Aim of the exercise =>
Could you reproduce, exactly as written, every line from the one containing "this 2352×1568 image." through the last line of the records, and nothing else?

Material for this exercise =>

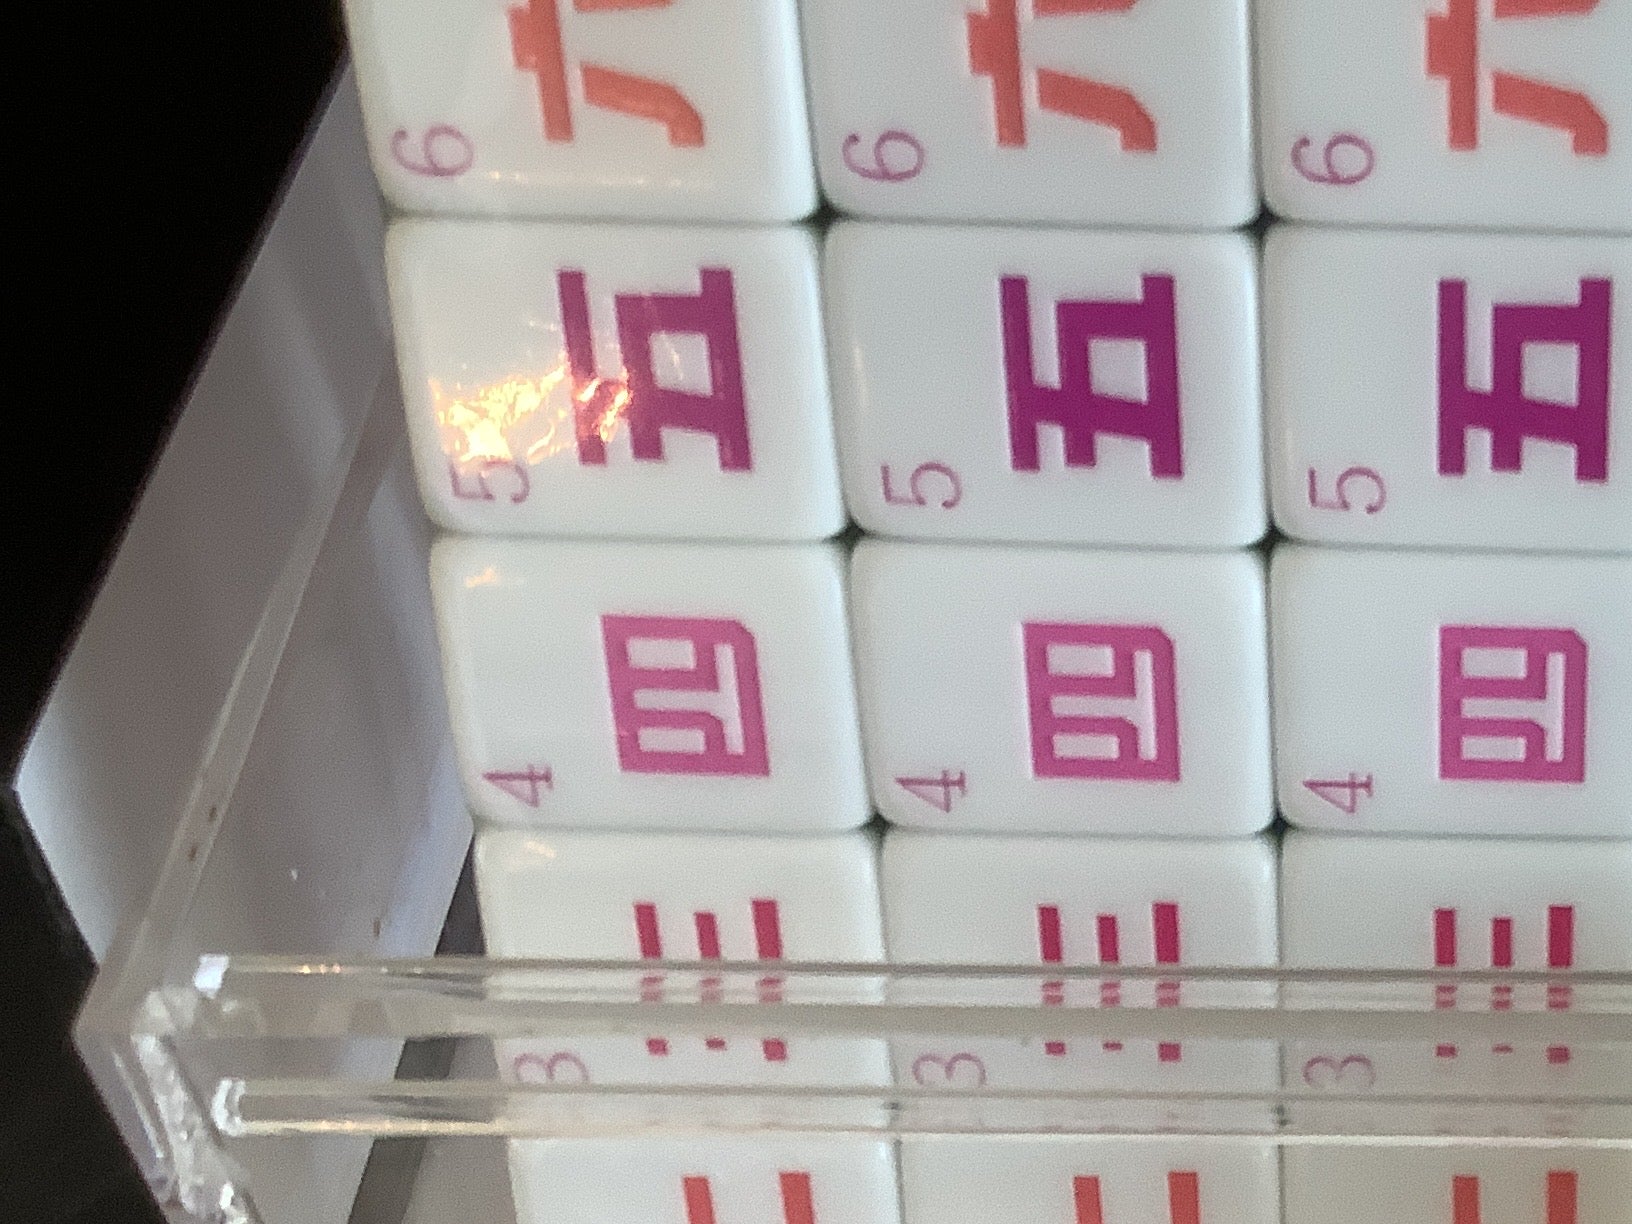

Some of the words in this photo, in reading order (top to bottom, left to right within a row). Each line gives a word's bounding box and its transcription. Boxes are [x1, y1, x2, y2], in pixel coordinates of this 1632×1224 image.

[391, 123, 475, 178] 6
[843, 129, 924, 183] 6
[1291, 133, 1374, 186] 6
[557, 267, 752, 471] 五
[999, 273, 1183, 480] 五
[1438, 278, 1612, 483] 五
[449, 455, 531, 504] 5
[881, 461, 962, 510] 5
[1307, 466, 1387, 515] 5
[601, 613, 770, 777] 四
[1022, 621, 1182, 783] 四
[1438, 624, 1588, 783] 四
[482, 763, 553, 808] 4
[895, 768, 966, 813] 4
[1303, 772, 1373, 814] 4
[912, 1052, 987, 1087] 3
[1303, 1054, 1377, 1090] 3
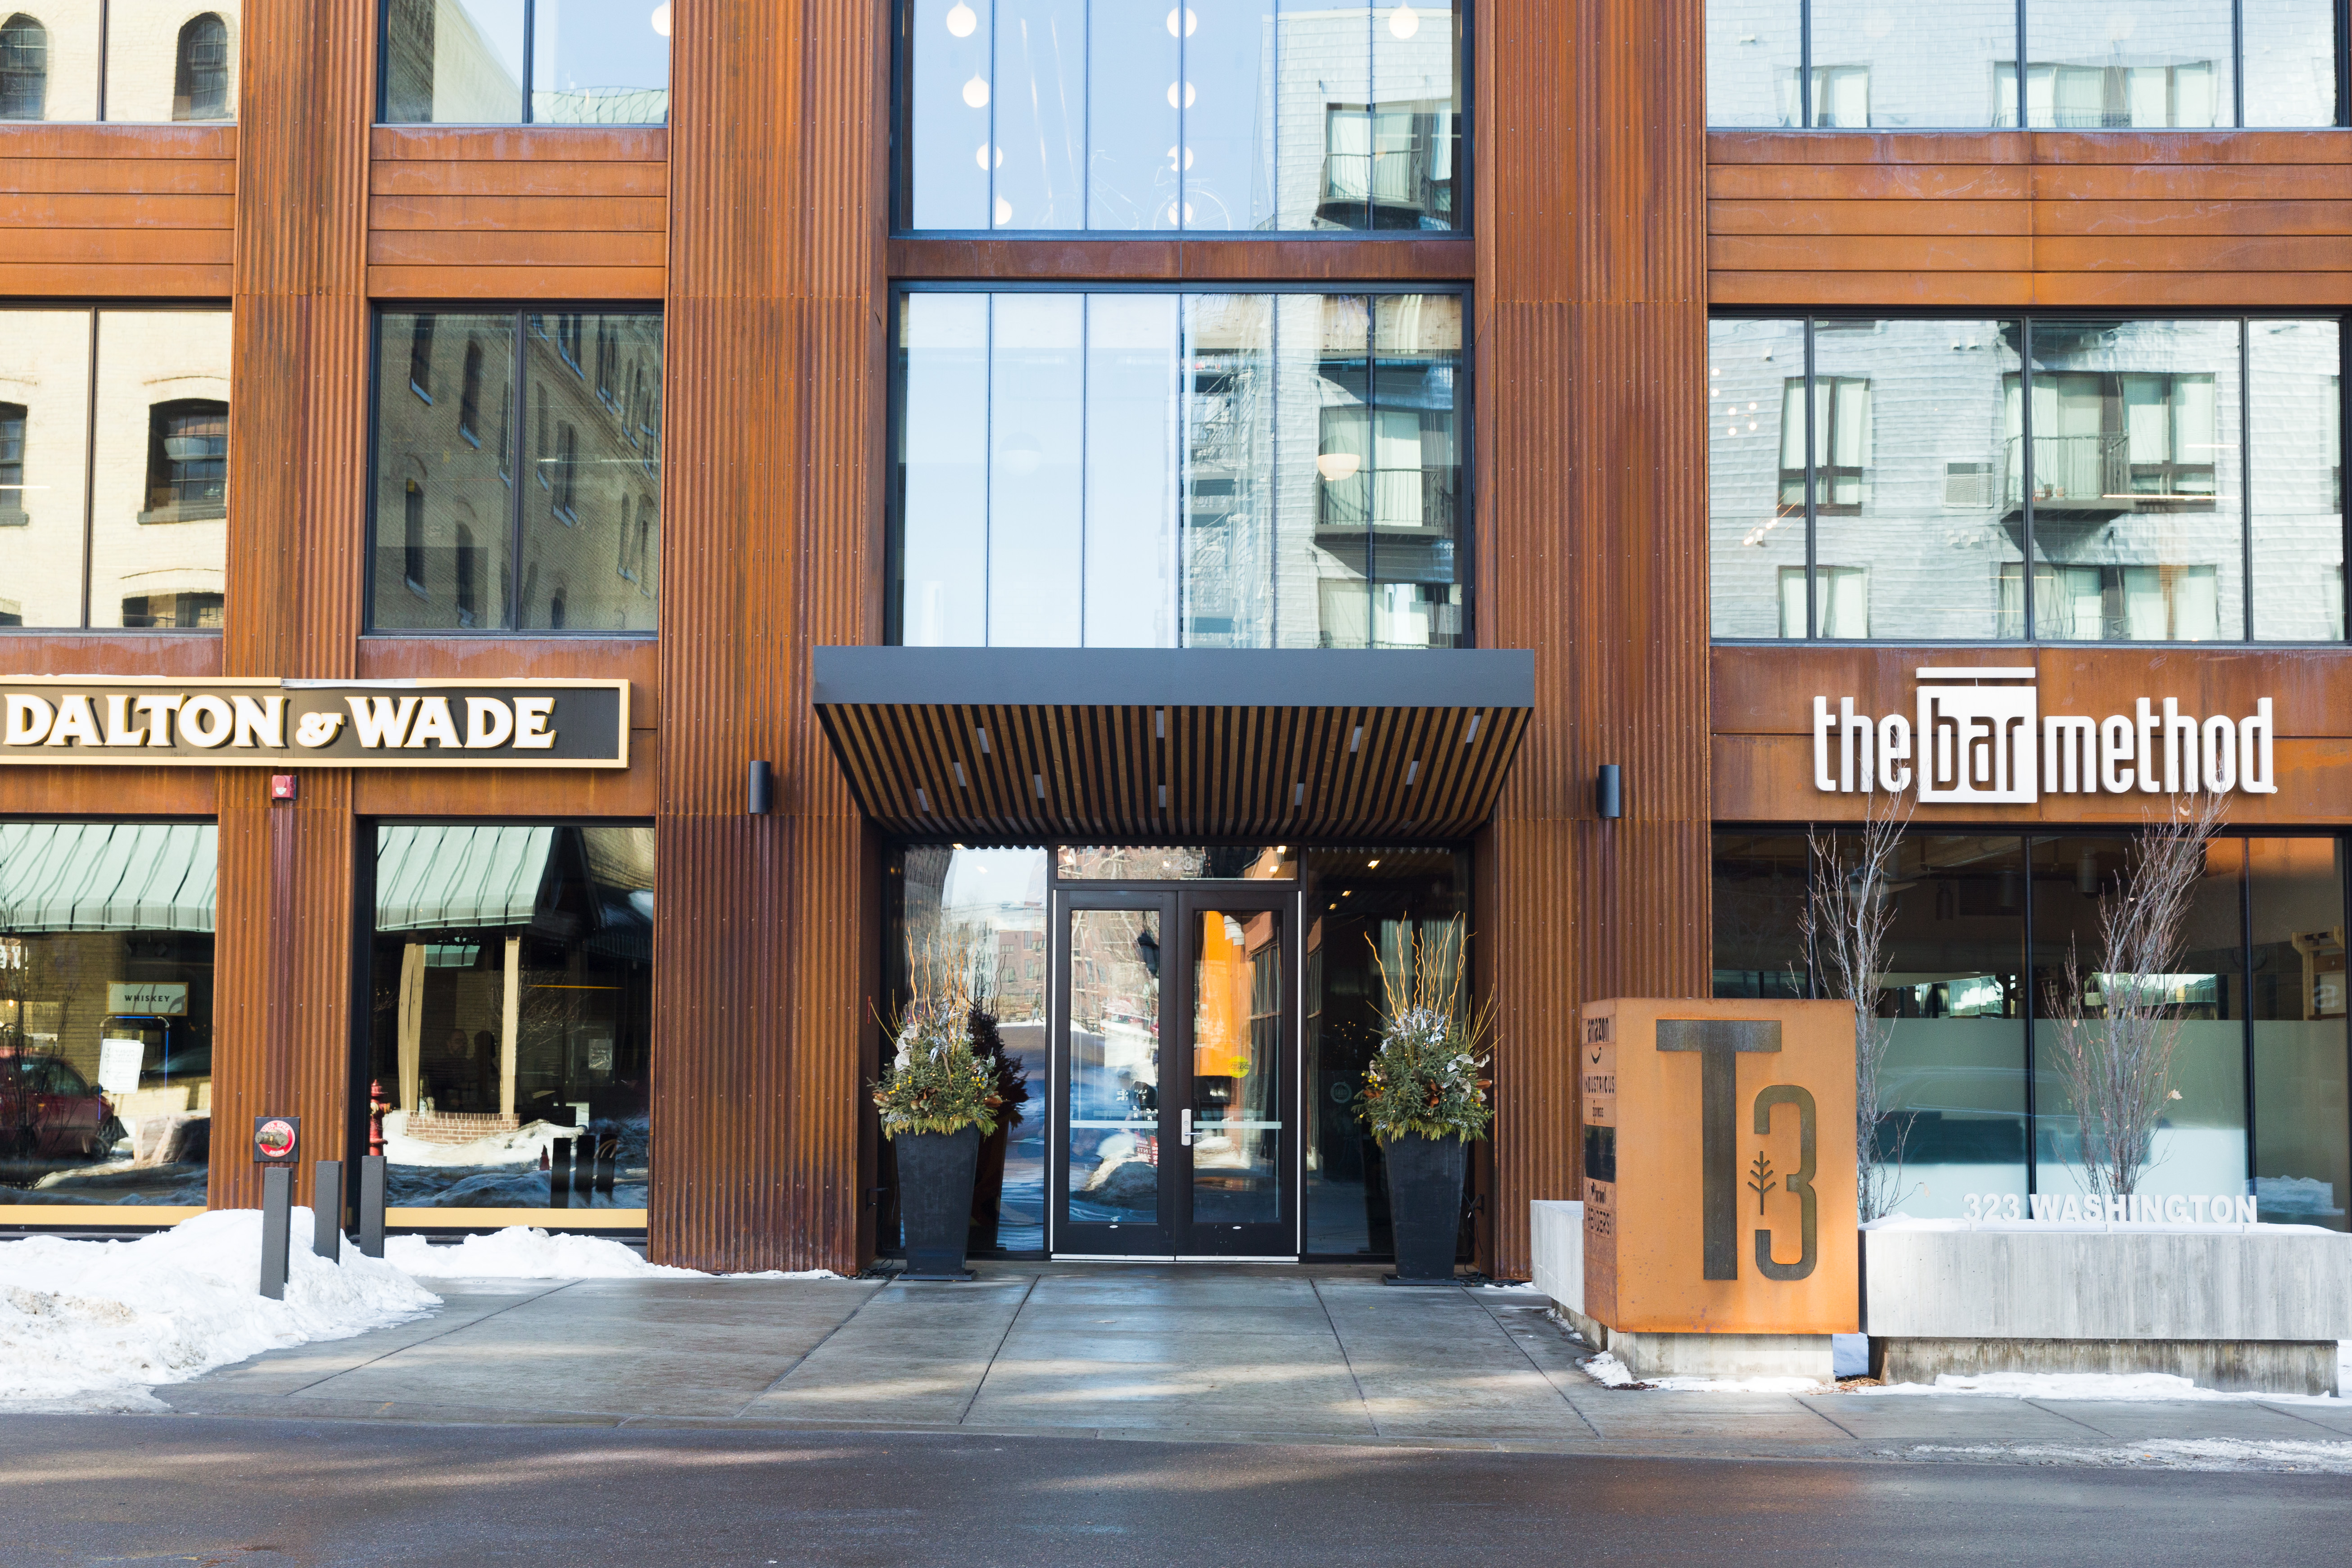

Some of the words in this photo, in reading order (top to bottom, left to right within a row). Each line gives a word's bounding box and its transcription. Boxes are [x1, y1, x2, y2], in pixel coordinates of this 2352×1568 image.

[4, 693, 289, 749] DALTON
[295, 712, 345, 748] &
[345, 696, 557, 750] WADE
[1813, 696, 1911, 792] the
[1931, 697, 2025, 791] bar
[2044, 697, 2273, 794] method
[1163, 855, 1193, 870] 323
[1588, 1017, 1609, 1044] amazon
[1962, 1193, 2021, 1221] 323
[2029, 1193, 2257, 1223] WASHINGTON

Response area =>
Some of the words in this photo, in reading order (top to bottom, left to right within a row). Each line gives a word's bounding box and its transcription. Boxes are [x1, y1, x2, y2], in pixel coordinates of this 2352×1568 image.

[4, 693, 289, 749] DALTON
[295, 712, 345, 748] &
[345, 696, 557, 750] WADE
[1813, 696, 1911, 792] the
[1931, 697, 2025, 791] bar
[2044, 697, 2273, 794] method
[1163, 855, 1193, 870] 323
[1588, 1017, 1609, 1044] amazon
[1962, 1193, 2021, 1221] 323
[2029, 1193, 2257, 1223] WASHINGTON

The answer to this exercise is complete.